The winner last night, Republican Chris Christie, managed to get through the entire campaign without taking a single principled stand on a single issue. He was against waste, fraud and abuse. He was against corruption. He was in favor of tax cuts. And that was about it.

As a result, Christie can’t claim a mandate. That’s not just because he won by such a small margin in what should have been a runaway. It’s also because you can’t win a mandate to do nothing – which is what he promised to do.

As for his opponent, Jon Corzine honestly seemed to believe in his pie-in-the-sky promises. Despite his background as a hard-numbers guy on Wall Street, Corzine lives in a world where everyone believes in the gauzy goals of the progressive movement. A telling moment came late in the campaign when the New York Times interviewed both candidates for a big pre-election piece:

“Mr. Corzine seemed almost resentful that he was not more appreciated by voters or the news media, citing unsung accomplishments like the passage of a civil union law, paid family leave and the abolition of the death penalty,” the article stated.

Note the assumption on the governor’s part. On the death penalty, for example, a Quinnipiac Poll showed 78 percent of New Jersey residents favored keeping it for the most violent murders. Yet Corzine expected us journalists to congratulate him for holding a position opposed by the majority of our readers.

The governor’s sincerity was the key difference between him and Christie, and I suspect it’s the reason Corzine managed to remain competitive in a race that should have been an easy victory for any Republican.

As for Christie, by playing it safe he deprived himself of any chance to remake the political power structure of the state. He will come into office with a Legislature that looks pretty much like the Corzine Legislature. He will be able to prevent that Legislature from enacting any more of the expensive programs Corzine proposed, such as universal preschool and universal health care. And that’s certainly something.

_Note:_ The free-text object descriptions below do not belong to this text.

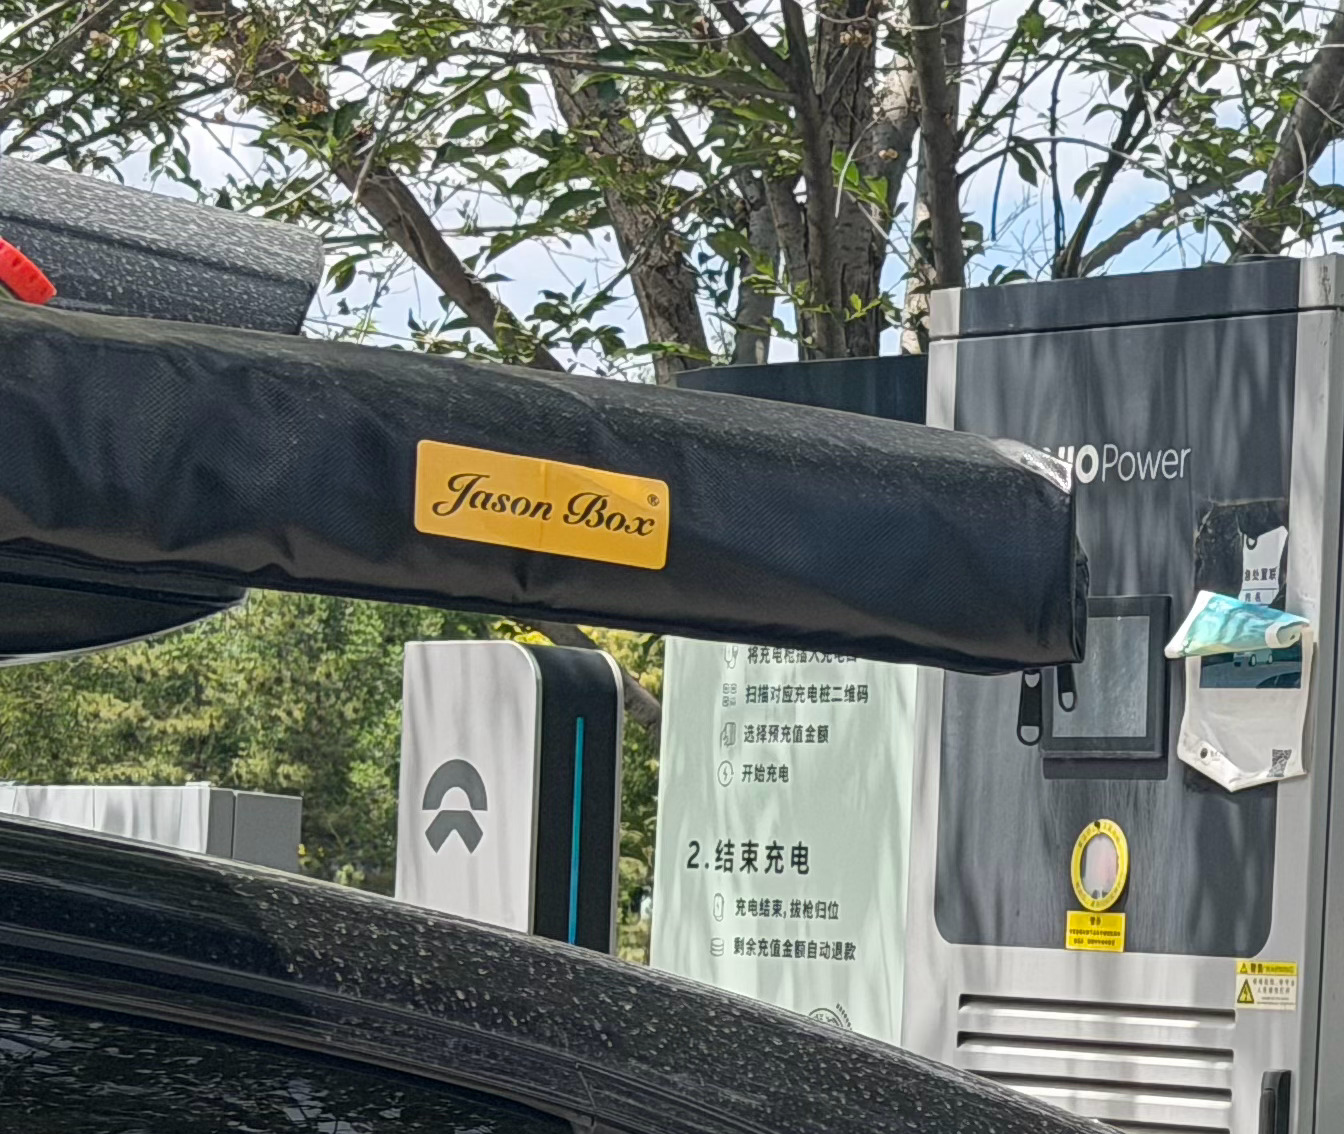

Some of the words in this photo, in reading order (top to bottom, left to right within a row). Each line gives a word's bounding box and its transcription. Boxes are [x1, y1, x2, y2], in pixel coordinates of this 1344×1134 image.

[432, 473, 553, 522] Jason
[562, 491, 656, 537] Box
[746, 684, 868, 704] 扫描对应充电桩二维码
[743, 723, 829, 745] 选择预充值金额
[741, 764, 789, 784] 开始充电

But as for dealing with the major problems facing the state, he remains a blank slate. One of his most daring proposals during the campaign was to push for creation of the office of Auditor General – i.e. to push for someone to make the sort of cuts in government the governor should be making.

Then there was zero-based budgeting. Zero-based budgeting is a gimmick that Jimmy Carter employed in the 1976 presidential election. For a few months after that election, politicians all over America were talking about this great new idea that called for starting every budget year with a clean slate. Every employee’s job was on the cutting block.

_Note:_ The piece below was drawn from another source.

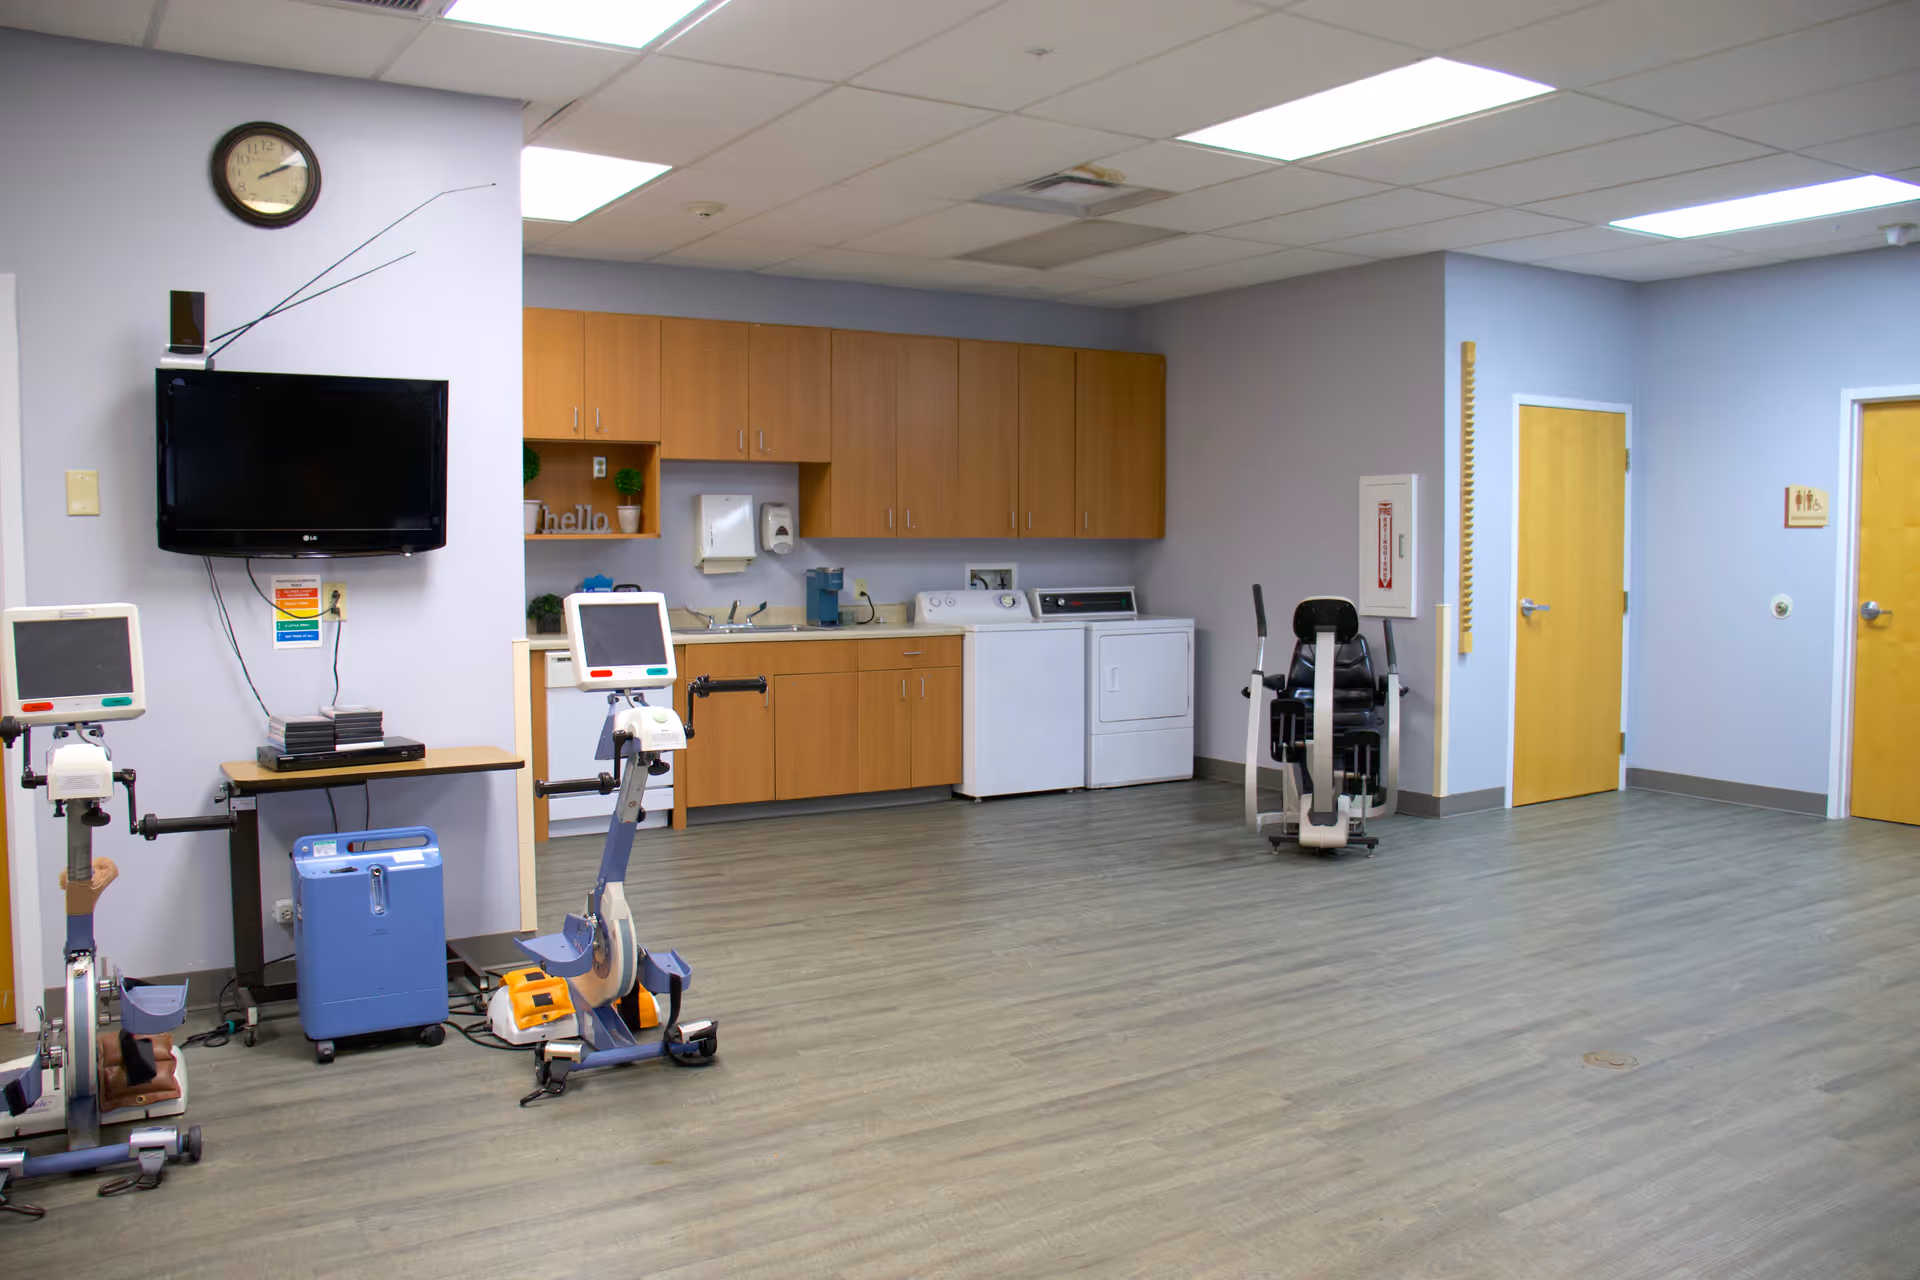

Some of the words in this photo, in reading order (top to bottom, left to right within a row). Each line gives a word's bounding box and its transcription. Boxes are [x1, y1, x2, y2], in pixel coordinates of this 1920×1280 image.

Then the pols realized that they couldn’t actually get rid of those employees. And that was the end of zero-based budgeting. Until the Christie campaign resurrected it.

None of those gimmicks will be of the slightest help in dealing with the debt this state faces. Christie will take office under pressure to do what his predecessors did – search around every year for one-shot gimmicks to balance the budget. He’s already agreed to the worst one-shot of them all, a one-year delay in $2 billion worth of payments into the state pension funds. That pushes the estimated bankruptcy date of the fund a year closer.

But don’t worry, he’ll restore your property-tax rebates – even if the billions he’ll need are in effect borrowed. Oh yeah, he’ll also cut the income tax that funds those rebates – across the board and for everyone.

It’s not merely that such programs are impractical. It’s that if he tries to enact them he will be ceding the role of responsible adults to the Democrats. And I suspect the South Jersey Dems who are rising to prominence this year will be glad to take that role. That would be political boss George Norcross, whose brother Donald won an Assembly seat last night, as well as state Sen. Steve Sweeney, the iron worker who is expected to become the next Senate president.

Christie may not have a mandate, but I suspect those guys think they do. And the fighting that will ensue should be much livelier than the campaign we just witnessed.